El ideal franciscano
Otra gran lección que han recibido estos jóvenes ha sido el poder compartir la vida con las hermanas, conocer de primera mano a contemplativas que dedican toda su vida a orar, a hablar con Dios. Las preguntas que les surgían a los jóvenes podían hacérselas directamente a las hermanas, y compartir con ellas así sus inquietudes. Porque estos jóvenes llegaban al monasterio con ganas de ayudar, pero también con muchas heridas y preguntas en el corazón. Y necesitaban abrirse a alguien que pudiera escucharles. El ideal franciscano, la experiencia vital de santa Clara, se encarnaba en esas mujeres y se hacía sabiduría para los jóvenes de hoy. La pobreza y la austeridad, el deseo de fraternidad, el cuidado de la naturaleza, la llamada a la misión, reconstruir la propia vida y la sociedad entera… no eran historias del pasado sino demandas urgentes de nuestro corazón, necesidades del mundo de hoy.
Con uno de los grupos ha estado un director de cine católico, Francisco Campos, director de películas como «El Rocío es compartir», «El colibrí» o «Jesucristo vive». En un momento me preguntaba si es fácil encontrar muchos jóvenes dispuestos a vivir así: levantarse pronto, dormir en el suelo, trabajar duro, acostarse pronto para poder rendir al día siguiente…. ¡y encima pagar por ello! Cuando me comentaba esto no pude menos que acordarme de dos jóvenes de un instituto de Móstoles que me dijeron que era el mejor plan que se les había ofrecido nunca.
Y es que quizás tuviese razón el venerable jesuita Tomás Morales cuando repetía aquello de que «al joven si se le pide poco no da nada, si se le pide mucho, lo da todo». En realidad pienso que muchos más jóvenes responderían a una llamada como esta, a dar su tiempo por los demás, si hubiese adultos, educadores, que se atreviesen a hacerles la propuesta. Y que estuviesen dispuestos a vivir con ellos, trabajando codo con codo, estos días.

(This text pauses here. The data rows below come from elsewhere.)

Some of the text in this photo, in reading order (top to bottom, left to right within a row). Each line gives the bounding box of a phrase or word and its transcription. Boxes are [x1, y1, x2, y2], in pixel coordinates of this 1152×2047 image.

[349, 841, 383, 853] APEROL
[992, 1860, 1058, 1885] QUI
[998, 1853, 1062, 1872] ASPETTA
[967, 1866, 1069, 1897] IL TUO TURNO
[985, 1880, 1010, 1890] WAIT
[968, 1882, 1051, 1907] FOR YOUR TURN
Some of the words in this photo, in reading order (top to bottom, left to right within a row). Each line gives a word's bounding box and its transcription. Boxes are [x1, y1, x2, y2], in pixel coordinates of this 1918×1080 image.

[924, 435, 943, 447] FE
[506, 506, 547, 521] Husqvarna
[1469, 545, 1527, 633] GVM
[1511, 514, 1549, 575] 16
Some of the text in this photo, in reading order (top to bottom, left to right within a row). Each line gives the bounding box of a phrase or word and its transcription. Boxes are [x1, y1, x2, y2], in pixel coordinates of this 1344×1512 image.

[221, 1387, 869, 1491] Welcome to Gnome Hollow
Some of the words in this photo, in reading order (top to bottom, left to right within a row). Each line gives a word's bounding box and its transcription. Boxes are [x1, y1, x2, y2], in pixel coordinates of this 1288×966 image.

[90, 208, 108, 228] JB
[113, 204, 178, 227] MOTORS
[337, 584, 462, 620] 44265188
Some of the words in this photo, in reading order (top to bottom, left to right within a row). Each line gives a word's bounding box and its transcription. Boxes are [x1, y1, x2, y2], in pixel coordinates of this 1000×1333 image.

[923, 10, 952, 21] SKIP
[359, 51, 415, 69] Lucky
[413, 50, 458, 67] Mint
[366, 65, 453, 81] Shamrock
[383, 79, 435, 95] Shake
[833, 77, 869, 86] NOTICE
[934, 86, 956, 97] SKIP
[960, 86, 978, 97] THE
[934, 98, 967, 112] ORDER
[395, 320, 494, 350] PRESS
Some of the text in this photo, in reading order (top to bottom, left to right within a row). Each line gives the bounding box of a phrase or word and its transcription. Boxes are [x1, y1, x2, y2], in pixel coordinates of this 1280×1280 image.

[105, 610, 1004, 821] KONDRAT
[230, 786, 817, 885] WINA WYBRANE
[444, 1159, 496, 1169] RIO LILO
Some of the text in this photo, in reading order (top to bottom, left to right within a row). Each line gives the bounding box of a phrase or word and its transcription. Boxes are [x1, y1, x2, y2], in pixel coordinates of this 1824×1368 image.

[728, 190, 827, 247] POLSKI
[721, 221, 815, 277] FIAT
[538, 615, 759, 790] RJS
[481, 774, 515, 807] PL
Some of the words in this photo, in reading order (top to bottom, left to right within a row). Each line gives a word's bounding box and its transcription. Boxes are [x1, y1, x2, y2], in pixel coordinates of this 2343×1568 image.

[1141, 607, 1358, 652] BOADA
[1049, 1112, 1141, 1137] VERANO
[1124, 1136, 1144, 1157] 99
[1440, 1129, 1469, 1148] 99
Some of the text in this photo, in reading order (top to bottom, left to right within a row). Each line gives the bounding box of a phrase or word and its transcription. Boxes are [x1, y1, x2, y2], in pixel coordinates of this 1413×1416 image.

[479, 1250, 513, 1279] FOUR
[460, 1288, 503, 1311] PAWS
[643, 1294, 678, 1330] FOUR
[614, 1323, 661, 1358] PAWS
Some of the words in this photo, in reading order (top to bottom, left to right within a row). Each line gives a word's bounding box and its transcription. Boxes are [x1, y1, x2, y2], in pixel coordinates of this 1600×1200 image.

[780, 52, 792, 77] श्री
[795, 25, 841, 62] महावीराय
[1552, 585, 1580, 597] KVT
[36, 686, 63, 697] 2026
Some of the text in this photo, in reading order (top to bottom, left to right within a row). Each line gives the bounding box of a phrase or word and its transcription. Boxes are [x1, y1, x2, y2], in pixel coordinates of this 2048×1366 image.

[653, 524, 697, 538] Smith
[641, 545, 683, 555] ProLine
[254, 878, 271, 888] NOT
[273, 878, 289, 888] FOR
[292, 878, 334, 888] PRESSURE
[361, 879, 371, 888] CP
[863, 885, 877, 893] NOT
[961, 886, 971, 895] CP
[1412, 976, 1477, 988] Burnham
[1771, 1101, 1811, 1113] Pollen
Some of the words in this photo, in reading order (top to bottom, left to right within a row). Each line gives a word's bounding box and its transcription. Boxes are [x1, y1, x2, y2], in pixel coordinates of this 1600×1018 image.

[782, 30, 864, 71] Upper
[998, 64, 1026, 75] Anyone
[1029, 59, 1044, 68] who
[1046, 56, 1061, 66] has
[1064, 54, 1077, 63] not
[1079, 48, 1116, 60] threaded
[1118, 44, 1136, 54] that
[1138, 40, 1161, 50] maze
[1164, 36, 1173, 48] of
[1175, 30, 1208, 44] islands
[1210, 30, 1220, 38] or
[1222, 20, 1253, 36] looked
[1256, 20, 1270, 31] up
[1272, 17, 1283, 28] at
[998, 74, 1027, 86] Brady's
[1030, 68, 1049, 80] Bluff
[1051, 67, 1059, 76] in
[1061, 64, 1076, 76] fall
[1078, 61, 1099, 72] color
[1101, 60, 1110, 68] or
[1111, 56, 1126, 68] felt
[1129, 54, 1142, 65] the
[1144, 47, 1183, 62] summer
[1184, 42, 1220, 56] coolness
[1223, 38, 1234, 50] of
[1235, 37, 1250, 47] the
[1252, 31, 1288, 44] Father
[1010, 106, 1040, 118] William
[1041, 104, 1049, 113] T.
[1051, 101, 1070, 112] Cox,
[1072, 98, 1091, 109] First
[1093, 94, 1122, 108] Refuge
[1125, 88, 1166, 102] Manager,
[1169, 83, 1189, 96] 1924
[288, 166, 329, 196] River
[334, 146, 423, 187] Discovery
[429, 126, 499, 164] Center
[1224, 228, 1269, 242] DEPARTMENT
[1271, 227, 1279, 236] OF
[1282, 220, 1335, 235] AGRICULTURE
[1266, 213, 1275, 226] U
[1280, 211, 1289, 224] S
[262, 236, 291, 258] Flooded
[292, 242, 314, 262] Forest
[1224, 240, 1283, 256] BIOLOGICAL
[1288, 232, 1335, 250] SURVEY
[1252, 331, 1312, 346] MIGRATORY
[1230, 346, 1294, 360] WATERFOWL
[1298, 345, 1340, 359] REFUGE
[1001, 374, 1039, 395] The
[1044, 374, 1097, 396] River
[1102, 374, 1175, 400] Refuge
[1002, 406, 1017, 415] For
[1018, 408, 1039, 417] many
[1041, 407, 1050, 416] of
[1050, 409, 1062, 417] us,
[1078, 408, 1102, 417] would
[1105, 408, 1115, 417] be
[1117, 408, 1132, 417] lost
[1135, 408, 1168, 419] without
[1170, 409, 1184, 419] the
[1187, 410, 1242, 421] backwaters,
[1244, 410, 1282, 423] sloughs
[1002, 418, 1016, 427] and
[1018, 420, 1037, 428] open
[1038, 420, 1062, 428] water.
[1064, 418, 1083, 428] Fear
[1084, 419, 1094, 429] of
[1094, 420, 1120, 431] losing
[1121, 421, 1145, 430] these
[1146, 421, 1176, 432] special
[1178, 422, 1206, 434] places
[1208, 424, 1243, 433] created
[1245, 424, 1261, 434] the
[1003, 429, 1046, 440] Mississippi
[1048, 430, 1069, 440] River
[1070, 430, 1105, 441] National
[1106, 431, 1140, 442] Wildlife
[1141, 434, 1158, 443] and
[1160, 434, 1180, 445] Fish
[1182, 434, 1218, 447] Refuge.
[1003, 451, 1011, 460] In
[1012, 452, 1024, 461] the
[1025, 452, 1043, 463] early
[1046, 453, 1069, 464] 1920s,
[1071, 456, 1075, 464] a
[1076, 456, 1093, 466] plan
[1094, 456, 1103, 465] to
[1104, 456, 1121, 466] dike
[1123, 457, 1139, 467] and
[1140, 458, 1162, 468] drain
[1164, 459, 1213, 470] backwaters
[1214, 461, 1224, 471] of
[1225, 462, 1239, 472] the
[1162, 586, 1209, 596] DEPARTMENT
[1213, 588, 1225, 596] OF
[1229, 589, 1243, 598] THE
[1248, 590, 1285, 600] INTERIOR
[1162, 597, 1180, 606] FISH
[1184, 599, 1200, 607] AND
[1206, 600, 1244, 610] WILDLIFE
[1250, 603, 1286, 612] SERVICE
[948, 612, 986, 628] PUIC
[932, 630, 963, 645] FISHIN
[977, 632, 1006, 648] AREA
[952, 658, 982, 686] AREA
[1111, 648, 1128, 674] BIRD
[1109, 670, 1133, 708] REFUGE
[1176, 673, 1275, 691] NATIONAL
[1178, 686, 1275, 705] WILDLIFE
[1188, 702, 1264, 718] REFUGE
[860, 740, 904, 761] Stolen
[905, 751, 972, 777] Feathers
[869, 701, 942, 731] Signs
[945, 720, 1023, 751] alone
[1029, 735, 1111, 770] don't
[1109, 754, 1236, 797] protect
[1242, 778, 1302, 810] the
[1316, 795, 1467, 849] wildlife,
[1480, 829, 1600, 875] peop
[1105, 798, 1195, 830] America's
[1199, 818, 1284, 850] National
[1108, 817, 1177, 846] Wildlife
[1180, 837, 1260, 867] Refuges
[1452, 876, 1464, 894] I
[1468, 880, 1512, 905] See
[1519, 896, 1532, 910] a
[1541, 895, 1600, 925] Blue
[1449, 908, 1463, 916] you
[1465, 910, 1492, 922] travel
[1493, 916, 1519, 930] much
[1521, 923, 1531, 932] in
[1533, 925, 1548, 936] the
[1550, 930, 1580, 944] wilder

Porque nadie puede proponer algo si uno mismo no está dispuesto a vivirlo. Sencillamente no sería creíble.
Un aire fresco
El resultado final ha sido mayor del que esperábamos inicialmente. Se ha avanzado mucho en limpieza, picando muros, quitando maleza… aunque todavía queda mucho que hacer, claro. Pero, sobre todo, estos jóvenes han podido revivir el espíritu de san Francisco de Asís. Y como si de un signo se tratase, un aire fresco se respiraba estos días en Orduña. Estos jóvenes han conseguido traer vida y esperanza a todos los que hemos pasado por el monasterio de santa Clara. Mirándoles no podíamos menos que recordar a Francisco en san Damián reconstruyendo materialmente una pequeña ermita, pero empezando a reconstruir la Iglesia de Cristo volviendo a las raíces del evangelio vivido sin glosas.
En medio de una pandemia mundial, en un mundo que busca un nuevo reinicio, que necesita ser reconstruido en sus relaciones, desde sus propios cimientos, estos jóvenes nos indican el camino que podemos emprender. Dejarse interpelar por Cristo mismo y por las necesidades de los hermanos, buscar amigos de Dios con los que compartir la vida, ponerse a trabajar sin grandes discursos, sencillamente.
Y para los educadores la gran llamada a seguir creyendo en los jóvenes, porque en el corazón del joven de hoy sigue latiendo una llamada al heroísmo, a la generosidad, a la entrega desinteresada. Sí, ese es el gran reto para los educadores. Creer en los jóvenes, como Dios creyó en Francisco cuando todavía era un muchacho, como Dios ha creído en estos doscientos cincuenta jóvenes que se han acercado a Orduña este verano.